Image-backed grounding data:
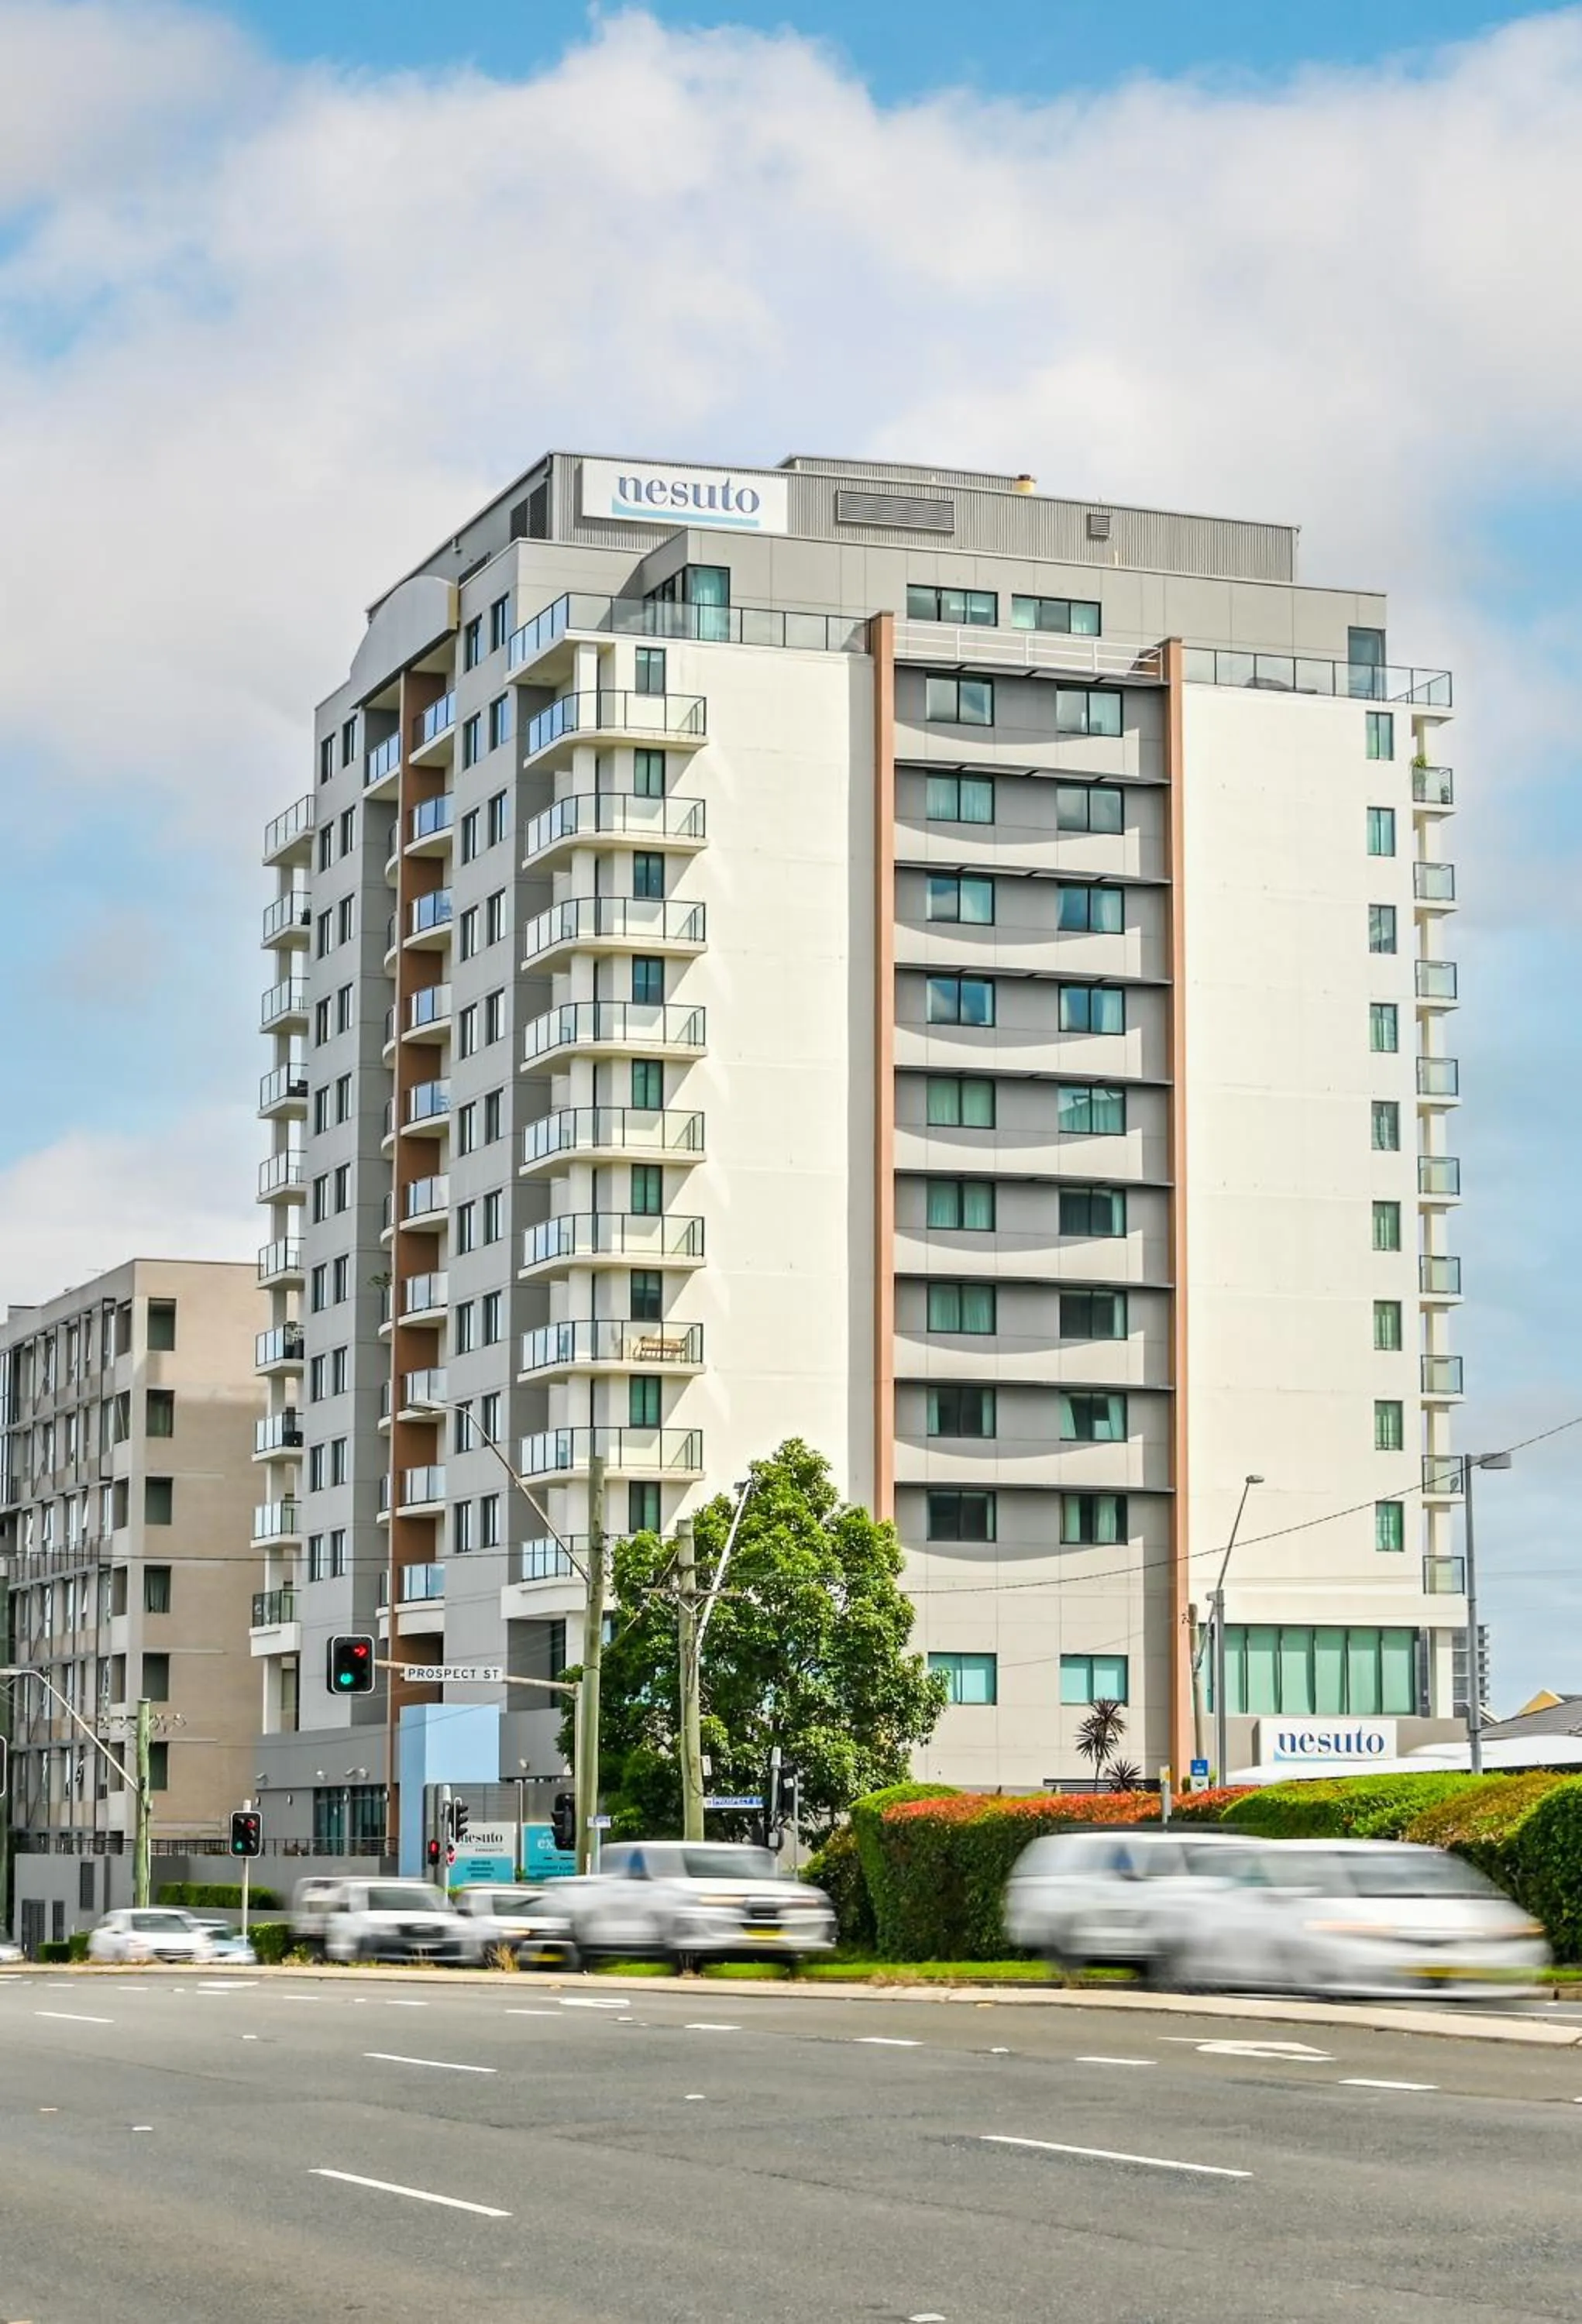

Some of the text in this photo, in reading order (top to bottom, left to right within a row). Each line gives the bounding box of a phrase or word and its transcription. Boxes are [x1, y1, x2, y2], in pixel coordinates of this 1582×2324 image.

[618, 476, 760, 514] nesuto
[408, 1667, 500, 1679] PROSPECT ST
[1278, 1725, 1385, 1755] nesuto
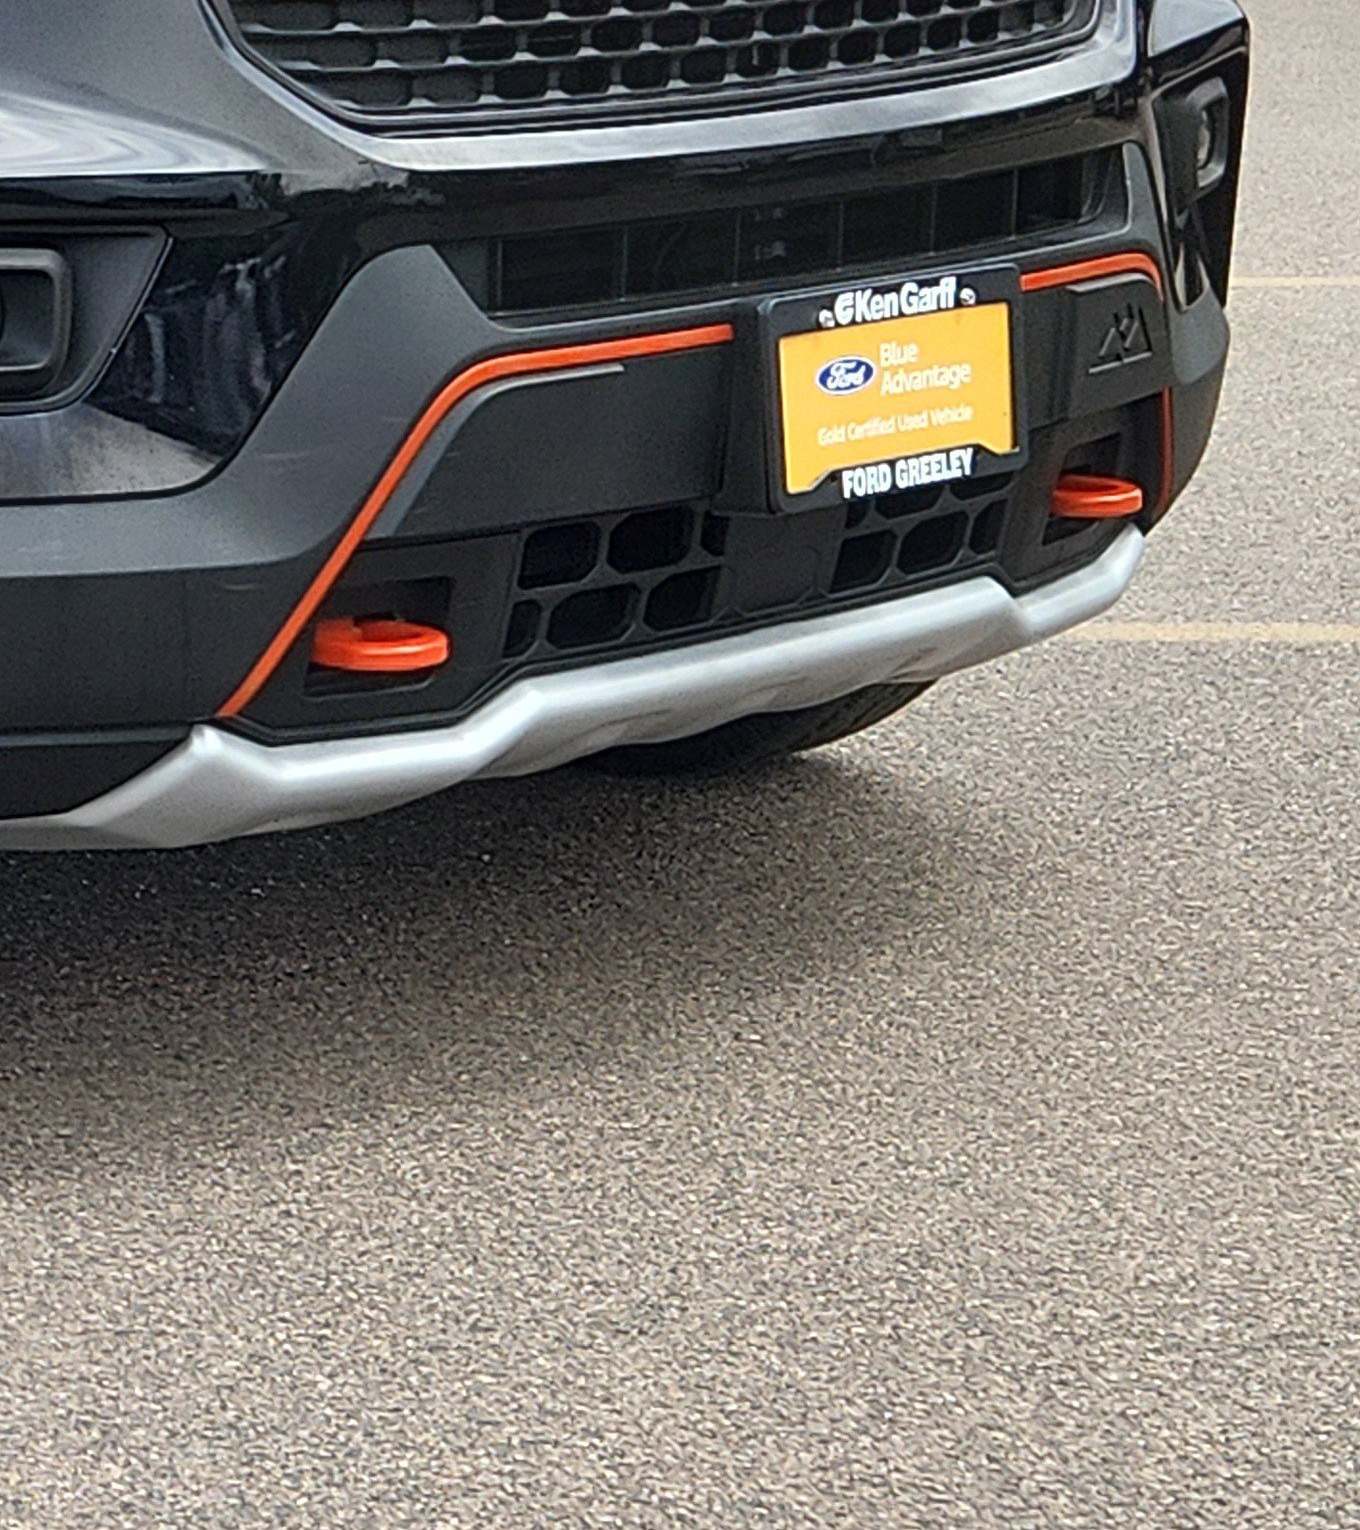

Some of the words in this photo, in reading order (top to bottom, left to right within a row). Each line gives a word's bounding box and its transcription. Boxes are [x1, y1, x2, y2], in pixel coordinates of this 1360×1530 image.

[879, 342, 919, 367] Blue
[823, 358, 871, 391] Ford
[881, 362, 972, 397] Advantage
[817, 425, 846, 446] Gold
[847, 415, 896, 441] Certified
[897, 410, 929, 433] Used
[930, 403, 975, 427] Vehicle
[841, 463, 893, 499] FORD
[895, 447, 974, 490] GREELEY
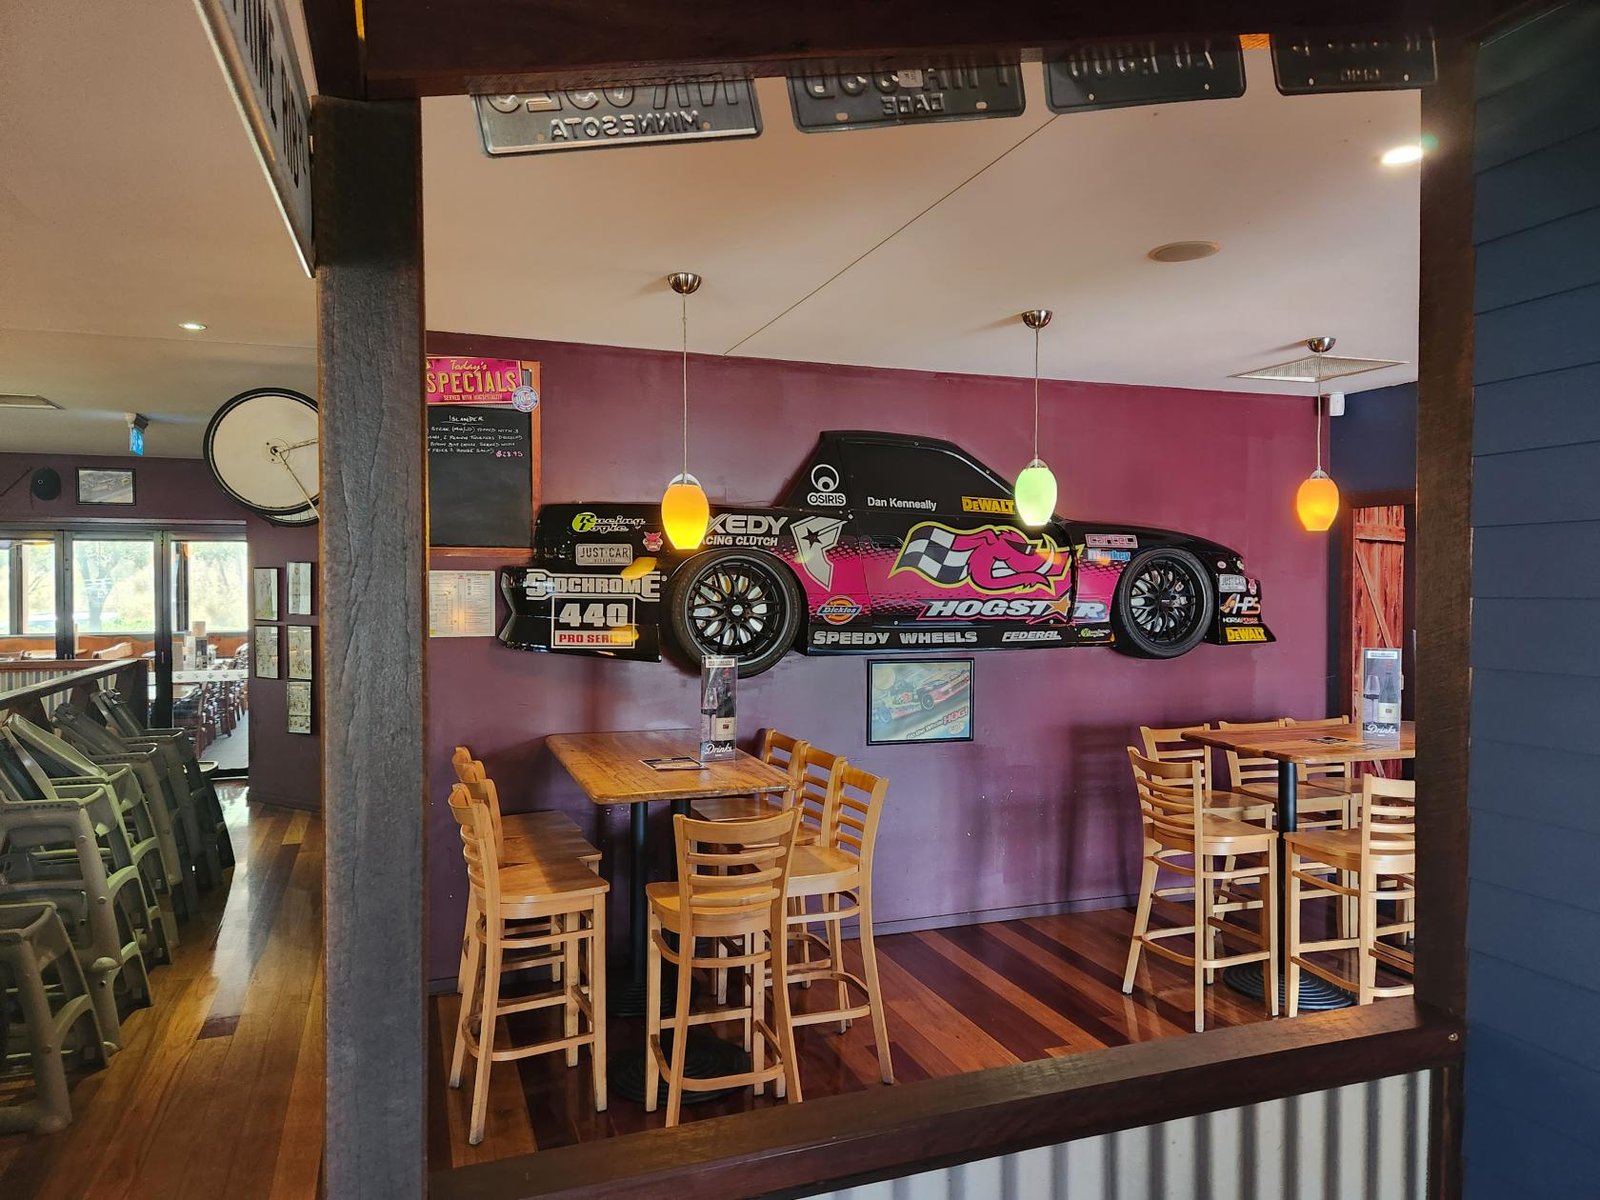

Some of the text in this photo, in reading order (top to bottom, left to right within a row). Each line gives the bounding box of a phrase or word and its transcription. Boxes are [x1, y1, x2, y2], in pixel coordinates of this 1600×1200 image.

◆ PROBLEM DETAILS: Copy the data precisely. Skip every picture.

◆ COMPLETED EXERCISE:
Some of the text in this photo, in reading order (top to bottom, left to right within a row). Each line gives the bounding box of a phrase or word and its transcription. Boxes are [x1, y1, x2, y2], in pixel coordinates of this 1582×2324 image.

[618, 476, 760, 514] nesuto
[408, 1667, 500, 1679] PROSPECT ST
[1278, 1725, 1385, 1755] nesuto

Some of the words in this photo, in reading order (top to bottom, left to right within a row). Each line gives a word's bounding box and its transcription. Boxes are [x1, y1, x2, y2], in pixel coordinates of this 1360×1530 image.

[879, 342, 919, 367] Blue
[823, 358, 871, 391] Ford
[881, 362, 972, 397] Advantage
[817, 425, 846, 446] Gold
[847, 415, 896, 441] Certified
[897, 410, 929, 433] Used
[930, 403, 975, 427] Vehicle
[841, 463, 893, 499] FORD
[895, 447, 974, 490] GREELEY

Some of the text in this photo, in reading order (top to bottom, left to right within a row). Each line gives the bounding box of a phrase or word and its transcription. Boxes are [x1, y1, x2, y2], in pixel coordinates of this 1600×1200 image.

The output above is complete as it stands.